------ Record set

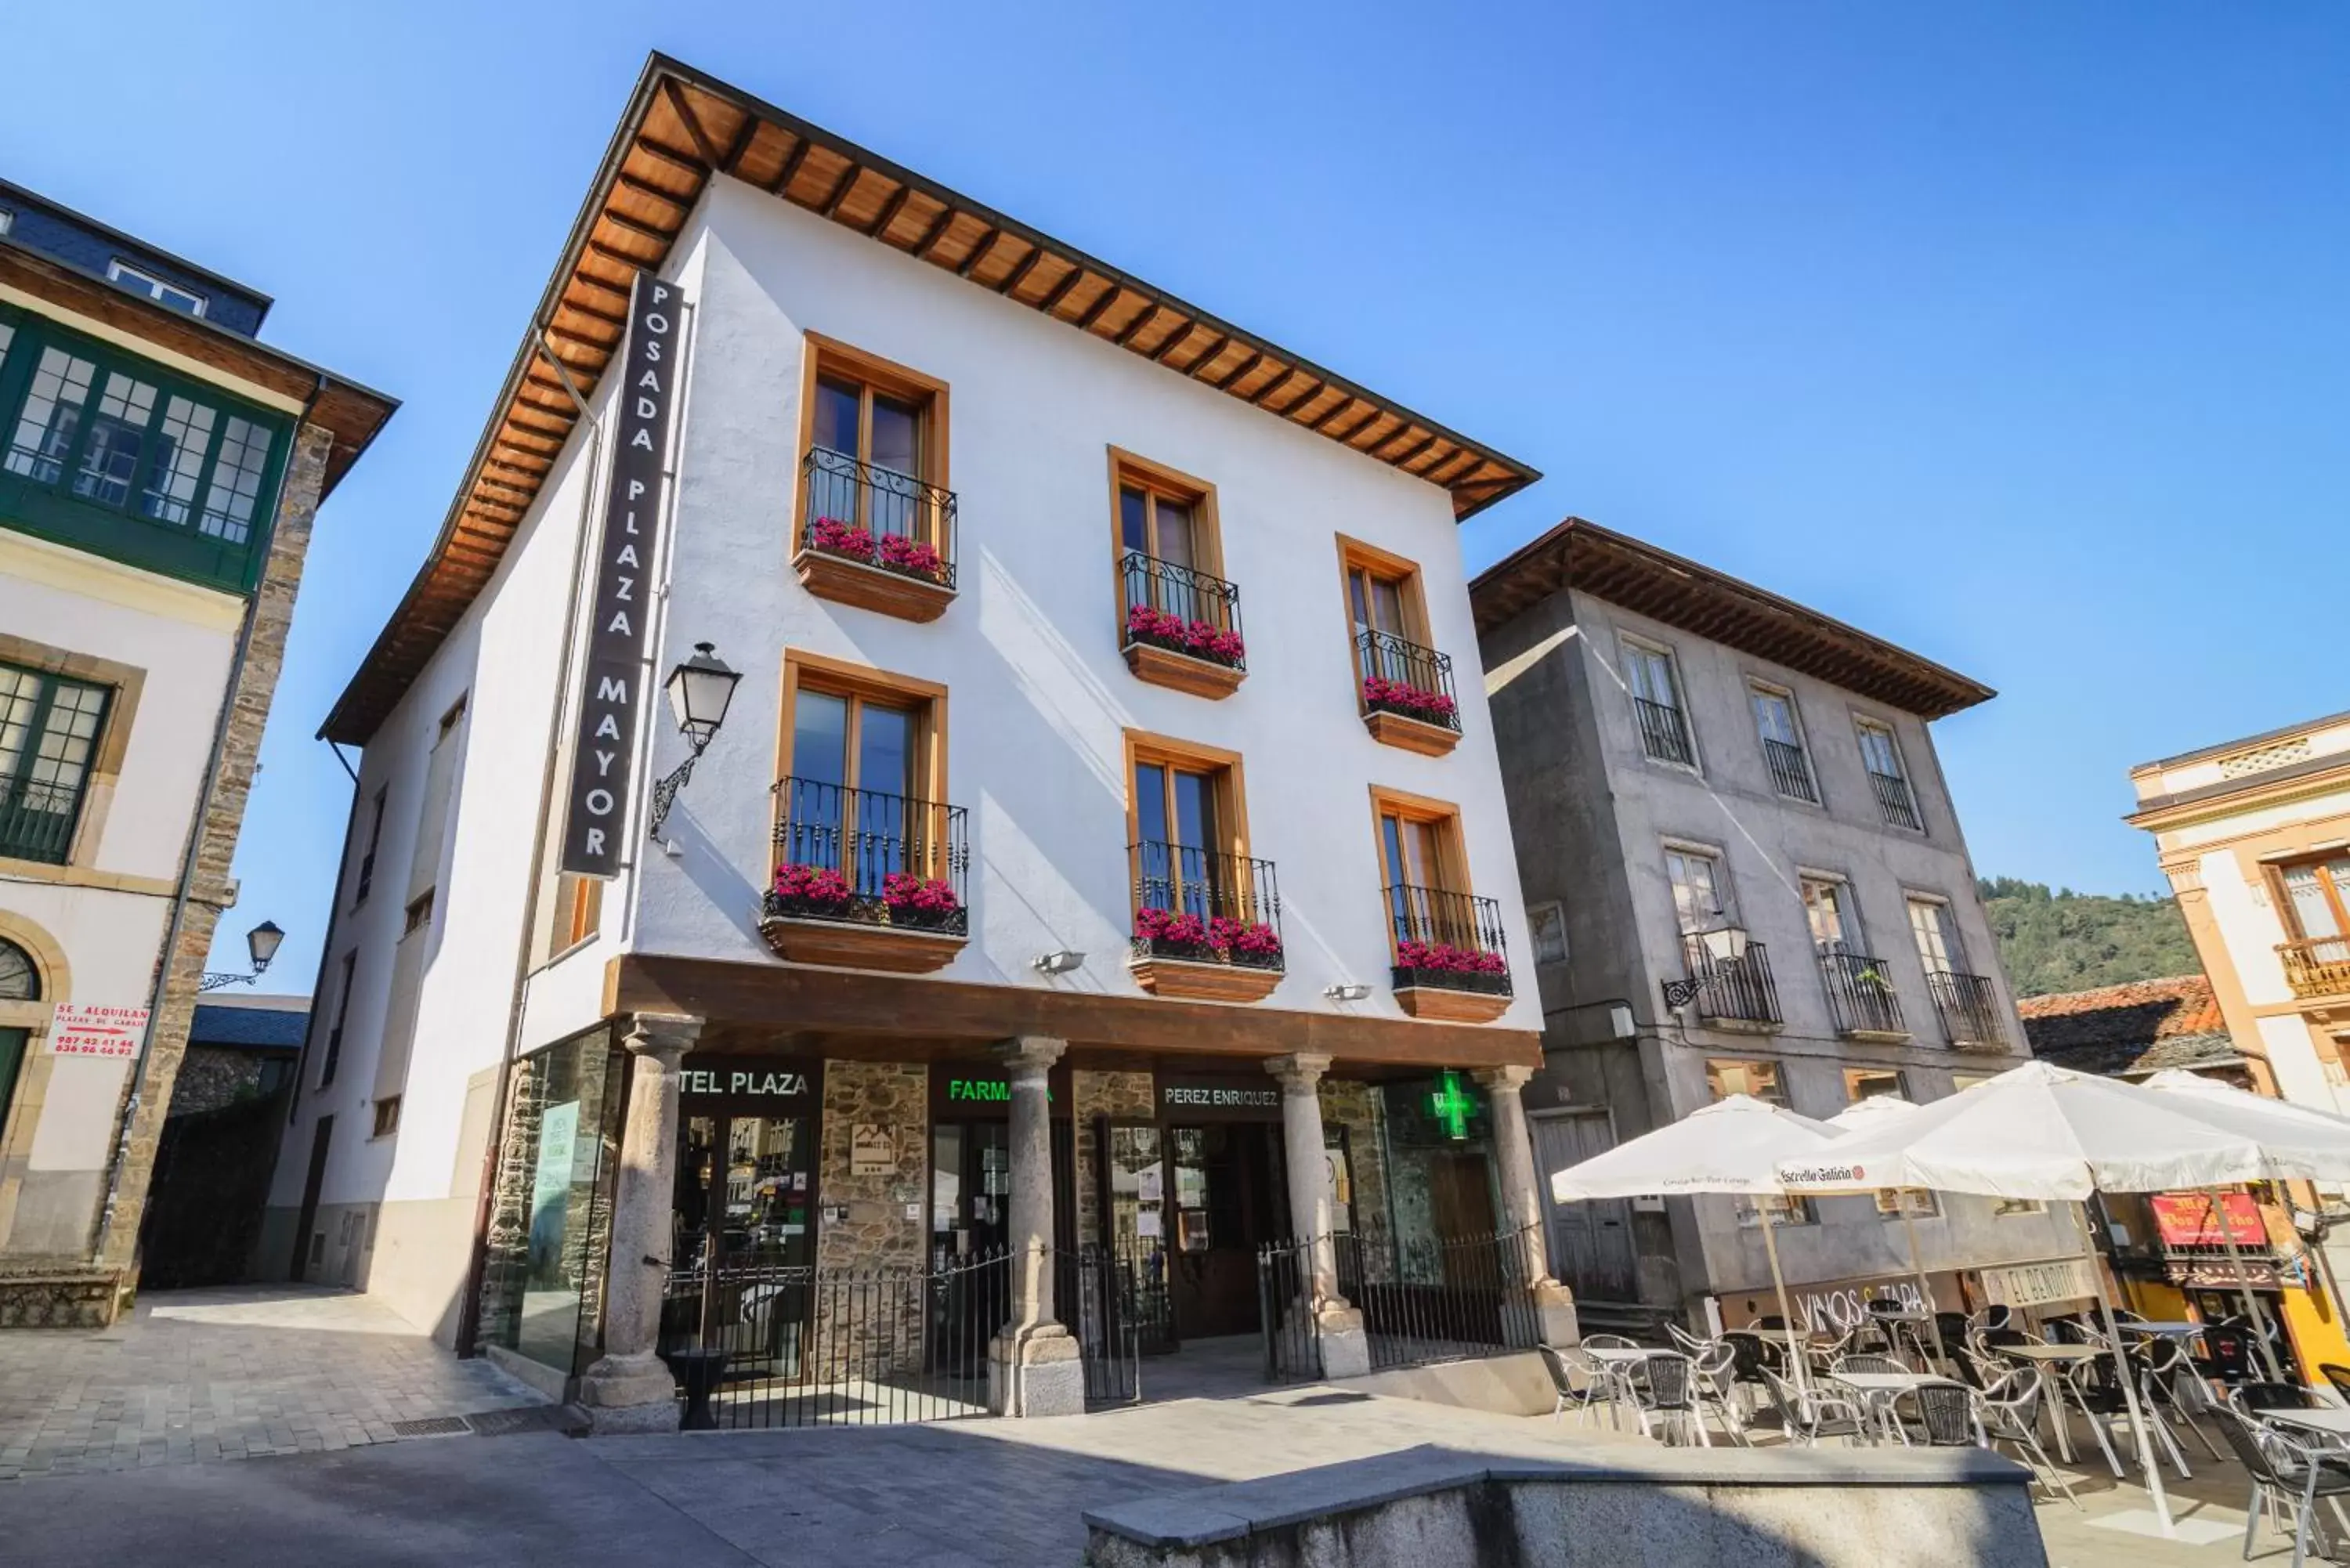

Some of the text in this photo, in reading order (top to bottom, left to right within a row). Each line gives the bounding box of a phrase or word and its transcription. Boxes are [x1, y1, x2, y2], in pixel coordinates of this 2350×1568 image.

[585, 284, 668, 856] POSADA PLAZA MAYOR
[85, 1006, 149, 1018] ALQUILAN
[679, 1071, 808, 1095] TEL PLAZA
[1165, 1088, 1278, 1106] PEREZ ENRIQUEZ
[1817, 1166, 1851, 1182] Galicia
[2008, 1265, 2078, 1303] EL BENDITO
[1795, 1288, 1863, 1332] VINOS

------------

■ Exercise
The data above must be written out again without alteration, and the pictures in them must be excluded.

■ Exercise response
Some of the text in this photo, in reading order (top to bottom, left to right within a row). Each line gives the bounding box of a phrase or word and its transcription. Boxes are [x1, y1, x2, y2], in pixel coordinates of this 2350×1568 image.

[585, 284, 668, 856] POSADA PLAZA MAYOR
[85, 1006, 149, 1018] ALQUILAN
[679, 1071, 808, 1095] TEL PLAZA
[1165, 1088, 1278, 1106] PEREZ ENRIQUEZ
[1817, 1166, 1851, 1182] Galicia
[2008, 1265, 2078, 1303] EL BENDITO
[1795, 1288, 1863, 1332] VINOS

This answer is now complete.